----- Data provided

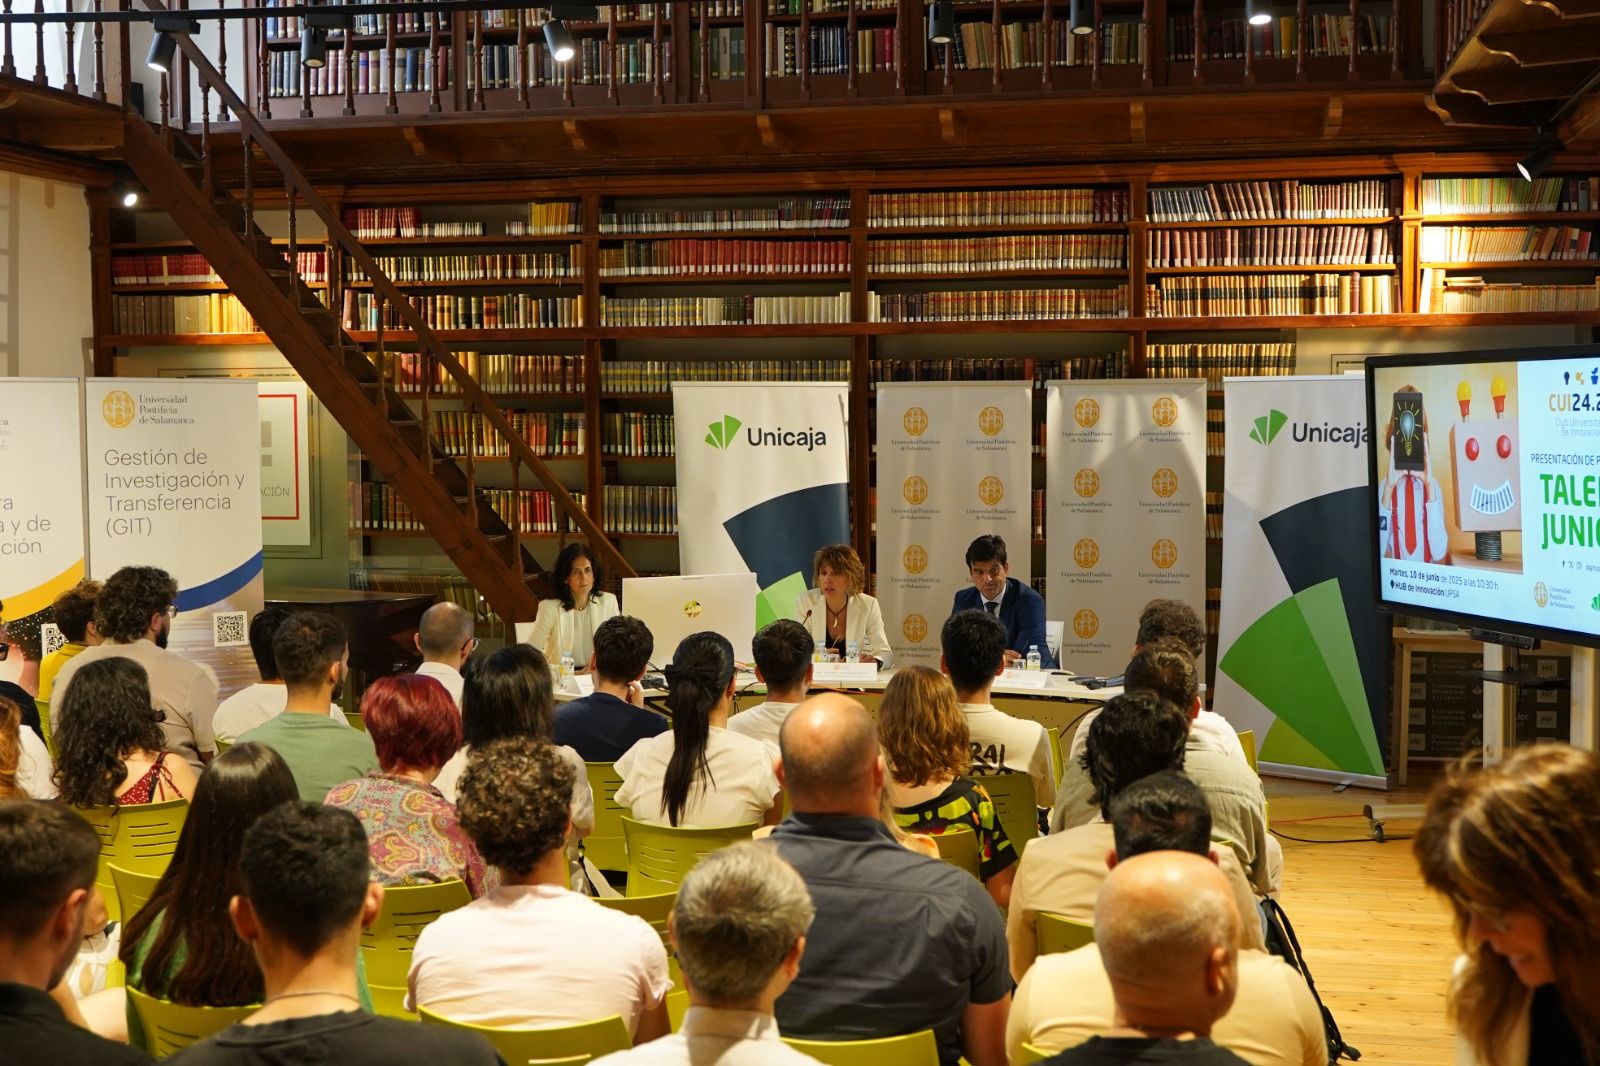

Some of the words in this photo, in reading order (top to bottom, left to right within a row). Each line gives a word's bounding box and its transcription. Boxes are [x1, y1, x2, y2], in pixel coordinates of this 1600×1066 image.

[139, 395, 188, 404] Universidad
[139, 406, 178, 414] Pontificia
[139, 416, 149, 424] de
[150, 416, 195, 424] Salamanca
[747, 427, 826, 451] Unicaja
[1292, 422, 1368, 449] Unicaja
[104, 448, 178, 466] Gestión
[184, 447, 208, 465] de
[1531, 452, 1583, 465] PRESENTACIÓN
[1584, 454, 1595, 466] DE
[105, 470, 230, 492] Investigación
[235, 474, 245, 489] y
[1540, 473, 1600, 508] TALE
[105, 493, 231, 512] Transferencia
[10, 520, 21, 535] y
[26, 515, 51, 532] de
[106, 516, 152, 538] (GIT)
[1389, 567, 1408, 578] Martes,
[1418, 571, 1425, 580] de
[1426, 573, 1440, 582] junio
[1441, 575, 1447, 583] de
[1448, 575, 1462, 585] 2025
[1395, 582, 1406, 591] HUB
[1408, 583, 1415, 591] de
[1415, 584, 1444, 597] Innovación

----------

Exercise details: Please retype the data exactly. The pictures do not go in.

Task response:
Some of the words in this photo, in reading order (top to bottom, left to right within a row). Each line gives a word's bounding box and its transcription. Boxes are [x1, y1, x2, y2], in pixel coordinates of this 1600×1066 image.

[139, 395, 188, 404] Universidad
[139, 406, 178, 414] Pontificia
[139, 416, 149, 424] de
[150, 416, 195, 424] Salamanca
[747, 427, 826, 451] Unicaja
[1292, 422, 1368, 449] Unicaja
[104, 448, 178, 466] Gestión
[184, 447, 208, 465] de
[1531, 452, 1583, 465] PRESENTACIÓN
[1584, 454, 1595, 466] DE
[105, 470, 230, 492] Investigación
[235, 474, 245, 489] y
[1540, 473, 1600, 508] TALE
[105, 493, 231, 512] Transferencia
[10, 520, 21, 535] y
[26, 515, 51, 532] de
[106, 516, 152, 538] (GIT)
[1389, 567, 1408, 578] Martes,
[1418, 571, 1425, 580] de
[1426, 573, 1440, 582] junio
[1441, 575, 1447, 583] de
[1448, 575, 1462, 585] 2025
[1395, 582, 1406, 591] HUB
[1408, 583, 1415, 591] de
[1415, 584, 1444, 597] Innovación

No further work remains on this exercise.